◆ Task requirements:
With images removed, return the whole listing exactly as written.

◆ Excerpted data:
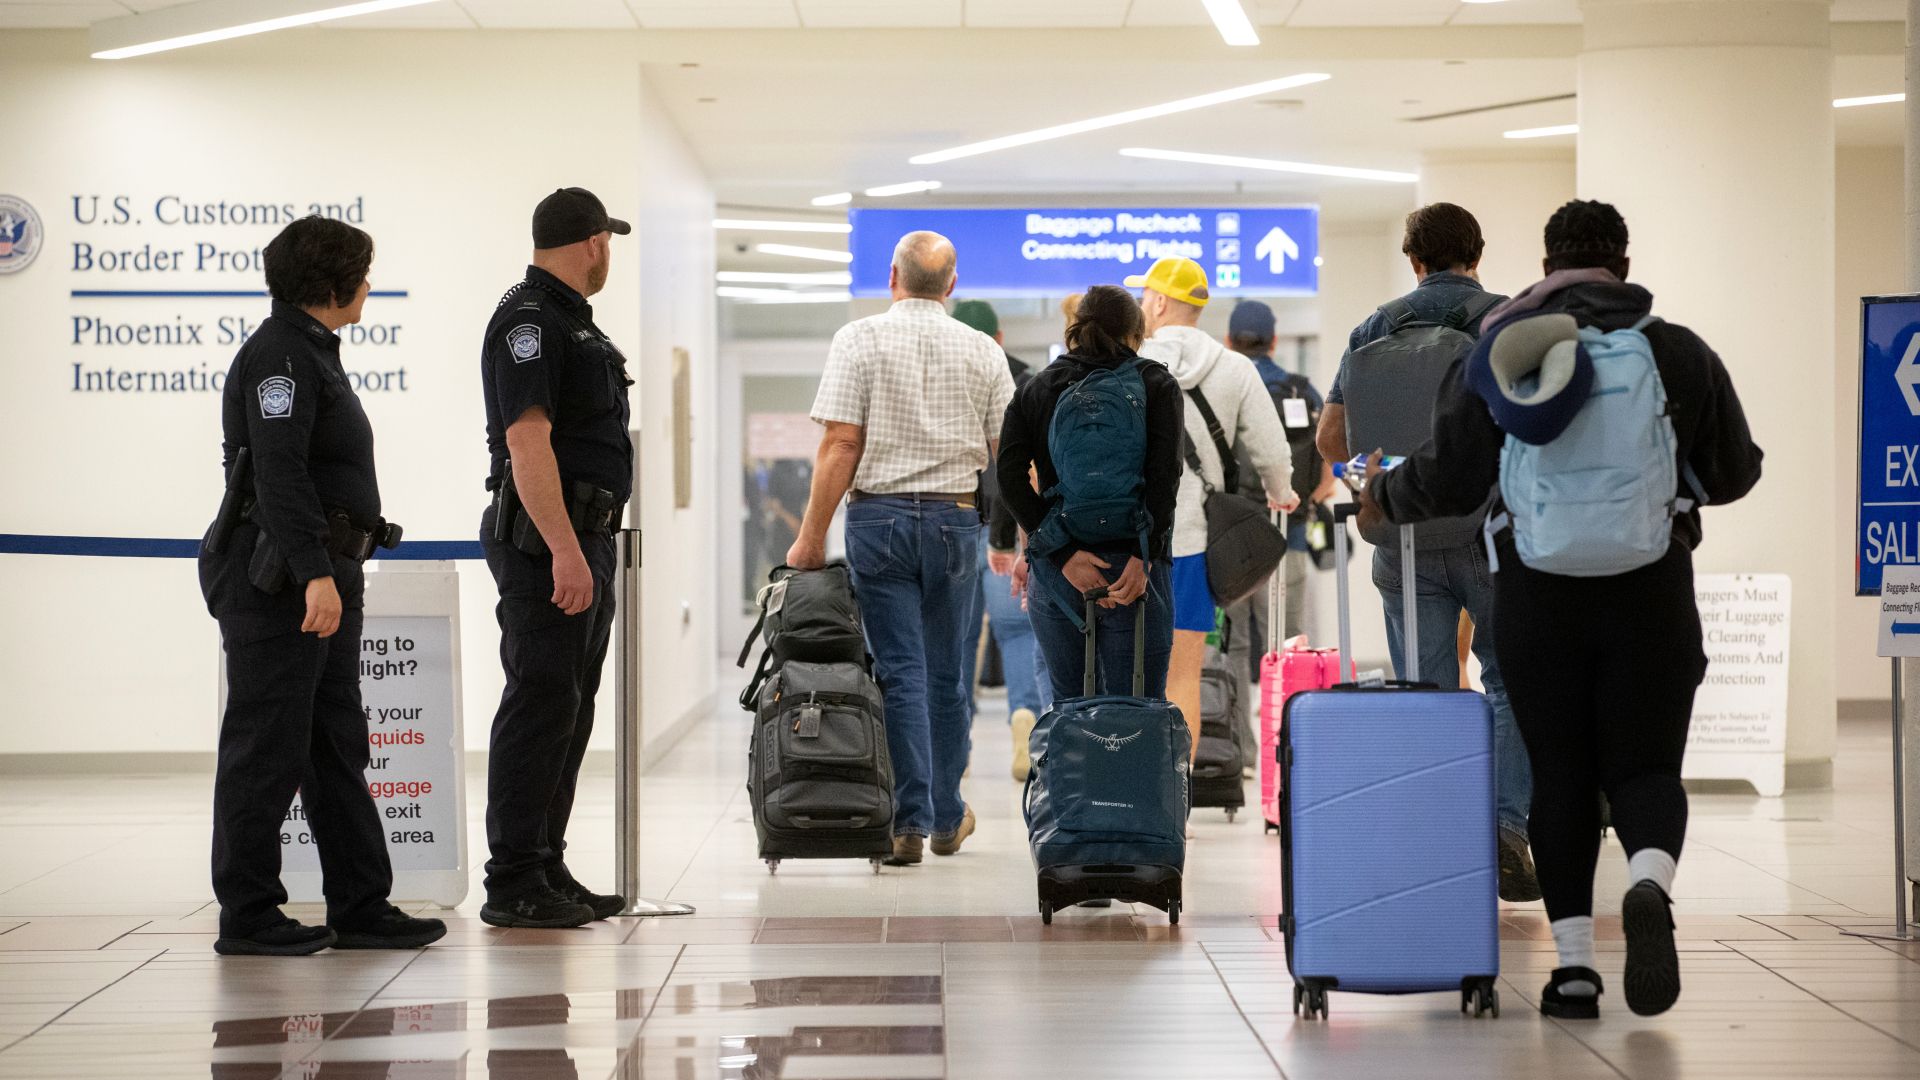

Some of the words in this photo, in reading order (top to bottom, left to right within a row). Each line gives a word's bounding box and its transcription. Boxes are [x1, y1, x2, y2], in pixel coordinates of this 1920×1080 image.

[72, 196, 141, 224] U.S.
[155, 196, 294, 225] Customs
[308, 196, 364, 224] and
[72, 243, 183, 272] Border
[194, 243, 264, 272] Prot
[72, 315, 203, 345] Phoenix
[217, 316, 255, 345] Sk
[337, 324, 402, 346] rbor
[72, 362, 227, 392] Internatio
[1696, 589, 1739, 605] engers
[1744, 588, 1778, 601] Must
[1886, 582, 1909, 595] Baggage
[1883, 602, 1913, 615] Connecting
[1700, 610, 1720, 622] eir
[1725, 609, 1784, 626] Luggage
[395, 636, 415, 651] to
[1707, 630, 1765, 647] Clearing
[1754, 651, 1783, 664] And
[360, 660, 418, 680] light?
[1706, 672, 1765, 685] rotection
[378, 708, 423, 724] your
[369, 729, 425, 749] quids
[369, 781, 432, 798] ggage
[385, 803, 422, 818] exit
[391, 830, 434, 843] area
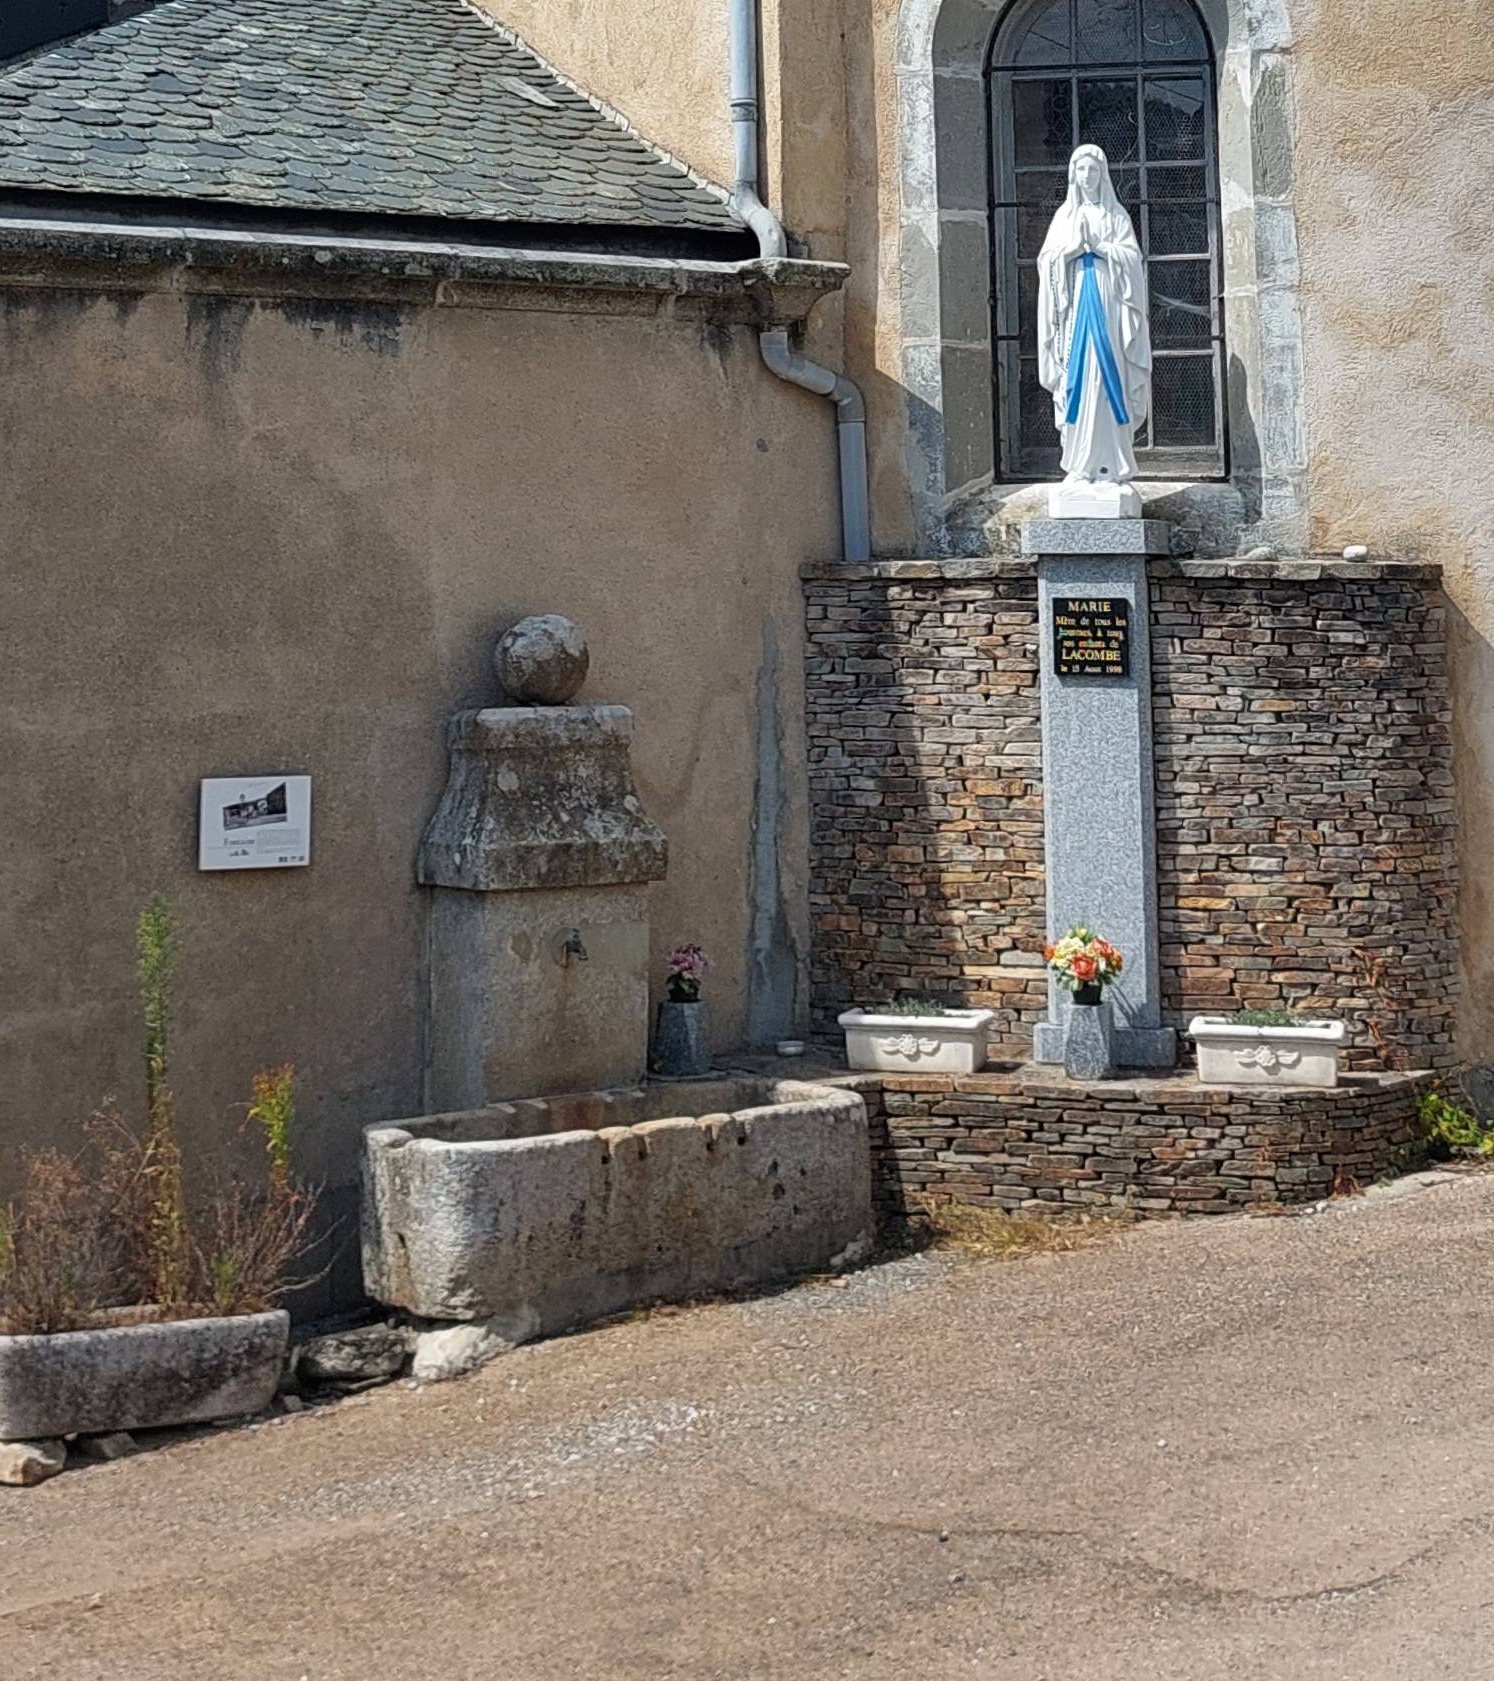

◆ Expected output:
Some of the words in this photo, in reading order (top to bottom, left to right within a row). Each line gives a word's bounding box and its transcription. Boxes are [x1, y1, x2, y2], in pixel coordinates of this 1920×1080 image.

[72, 196, 141, 224] U.S.
[155, 196, 294, 225] Customs
[308, 196, 364, 224] and
[72, 243, 183, 272] Border
[194, 243, 264, 272] Prot
[72, 315, 203, 345] Phoenix
[217, 316, 255, 345] Sk
[337, 324, 402, 346] rbor
[72, 362, 227, 392] Internatio
[1696, 589, 1739, 605] engers
[1744, 588, 1778, 601] Must
[1886, 582, 1909, 595] Baggage
[1883, 602, 1913, 615] Connecting
[1700, 610, 1720, 622] eir
[1725, 609, 1784, 626] Luggage
[395, 636, 415, 651] to
[1707, 630, 1765, 647] Clearing
[1754, 651, 1783, 664] And
[360, 660, 418, 680] light?
[1706, 672, 1765, 685] rotection
[378, 708, 423, 724] your
[369, 729, 425, 749] quids
[369, 781, 432, 798] ggage
[385, 803, 422, 818] exit
[391, 830, 434, 843] area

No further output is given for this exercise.